Mingled regularly in the novel's fast paced action, Dan Brown has planted a subversive array of discussions, memories, deliberations and arguments against historic Christianity. The novel's experts offer a web of plausible sounding arguments which will raise doubts and questions in the minds of all but the most well-informed students of Jesus, the Bible and History.
The book begins with these assertions:
FACT:
The Priory of Sion-a European secret society founded in 1099-is a real organization. In 1975 Paris's Bibliotheque Nationale discovered parchments known as Les Dossiers Secrets, identifying numerous members of the Priory of Sion, including Sir Isaac Newton, Botticelli, Victor Hugo, and Leonardo da Vinci.
The Vatican prelature known as Opus Dei is a deeply devout Catholic sect that has been the topic of recent controversy due to reports of brainwashing, coercion, and a dangerous practice known as "corporal mortification." Opus Dei has just completed construction of a $47 million World Headquarters at 243 Lexington Avenue in New York City.
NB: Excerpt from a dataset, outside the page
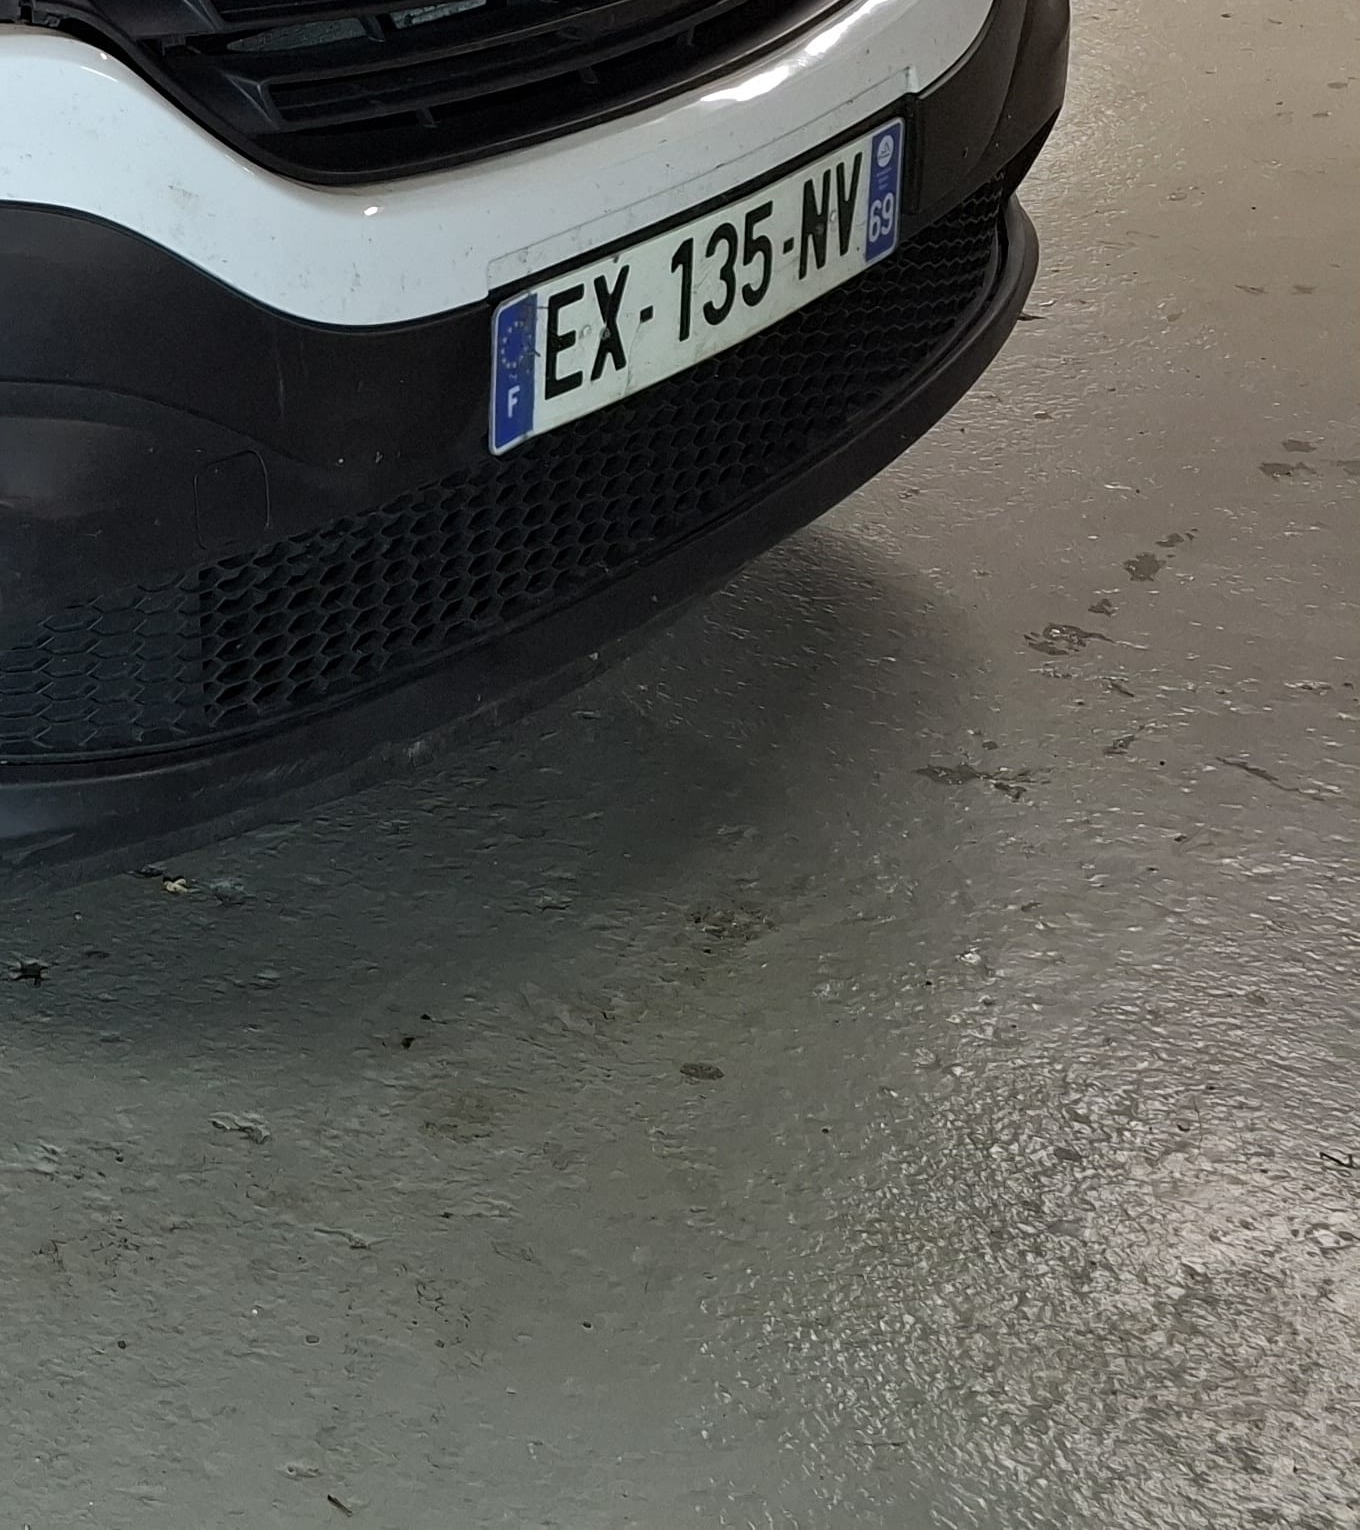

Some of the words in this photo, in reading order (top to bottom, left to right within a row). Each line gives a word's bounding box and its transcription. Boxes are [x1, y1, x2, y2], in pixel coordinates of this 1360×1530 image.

[868, 191, 895, 244] 69
[544, 151, 863, 401] EX-135-NV
[507, 385, 521, 419] F
All descriptions of artwork, architecture, documents, and secret rituals in this novel are accurate.
Brown has the plot's "deluded villain" Catholic Bishop Aringarosa express a false view that there is tension between faith and science:
Aringarosa had never been comfortable with the Vatican's historical need to dabble in science. What was the rationale for fusing science and faith? Unbiased science could not possibly be performed by a man who possessed faith in God. Nor did faith have any need for physical confirmation of its beliefs.
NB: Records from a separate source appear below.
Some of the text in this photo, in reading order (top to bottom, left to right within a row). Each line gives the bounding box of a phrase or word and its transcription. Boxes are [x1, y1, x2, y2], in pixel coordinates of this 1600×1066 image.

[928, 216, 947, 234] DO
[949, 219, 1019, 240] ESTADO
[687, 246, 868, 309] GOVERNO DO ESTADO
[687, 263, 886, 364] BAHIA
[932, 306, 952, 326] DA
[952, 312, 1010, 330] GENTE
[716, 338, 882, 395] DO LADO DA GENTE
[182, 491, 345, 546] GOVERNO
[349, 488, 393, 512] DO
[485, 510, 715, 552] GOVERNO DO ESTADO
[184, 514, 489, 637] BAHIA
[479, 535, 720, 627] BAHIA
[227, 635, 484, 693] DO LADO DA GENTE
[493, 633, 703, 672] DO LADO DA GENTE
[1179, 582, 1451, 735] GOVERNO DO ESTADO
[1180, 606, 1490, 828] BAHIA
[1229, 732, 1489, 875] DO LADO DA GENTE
Holy Grail "expert," Sir. Leigh Teabing, advances his views about the corrupted canon of the Bible and a merely human, married Jesus:
"More than eighty gospels were considered for the New Testament, and yet only a relative few were chosen for inclusion-Matthew, Mark, Luke, and John among them.
"Who chose which gospels to include?" Sophie asked.
"Aha!" Teabing burst in with enthusiasm. "The fundamental irony of Christianity! The Bible, as we know it today, was collated by the pagan Roman emperor Constantine the Great."
...
"My dear," Teabing declared, "until that moment in history, Jesus was viewed by His followers as a mortal prophet... a great and powerful man, but a man nonetheless. A mortal."
"Not the Son of God?"
"Right," Teabing said. "Jesus' establishment as 'the Son of God' was officially proposed and voted on by the Council of Nicaea."
"Hold on. You're saying Jesus' divinity was the result of a vote?"
"A relatively close vote at that," Teabing added.
"It was all about power," Teabing continued. "Christ as Messiah was critical to the functioning of Church and state. Many scholars claim that the early Church literally stole Jesus from His original followers, hijacking His human message, shrouding it in an impenetrable cloak of divinity, and using it to expand their own power. I've written several books on the topic."
...
"As I mentioned," Teabing clarified, "the early Church needed to convince the world that the mortal prophet Jesus was a divine being. Therefore, any gospels that described earthly aspects of Jesus' life had to be omitted from the Bible. Unfortunately for the early editors, one particularly troubling earthly theme kept recurring in the gospels. Mary Magdalene." He paused. "More specifically, her marriage to Jesus Christ."
Our novel's hero and historian/symbologist Robert Langdon represents faith as inherently dishonest:
"But you told me the New Testament is based on fabrications."
Langdon smiled. "Sophie, every faith in the world is based on fabrication. That is the definition of faith-acceptance of that which we imagine to be true, that which we cannot prove. Every religion describes God through metaphor, allegory, and exaggeration, from the early Egyptians through
modern Sunday school. Metaphors are a way to help our minds process the unprocessible. The problems arise when we begin to believe literally in our own metaphors."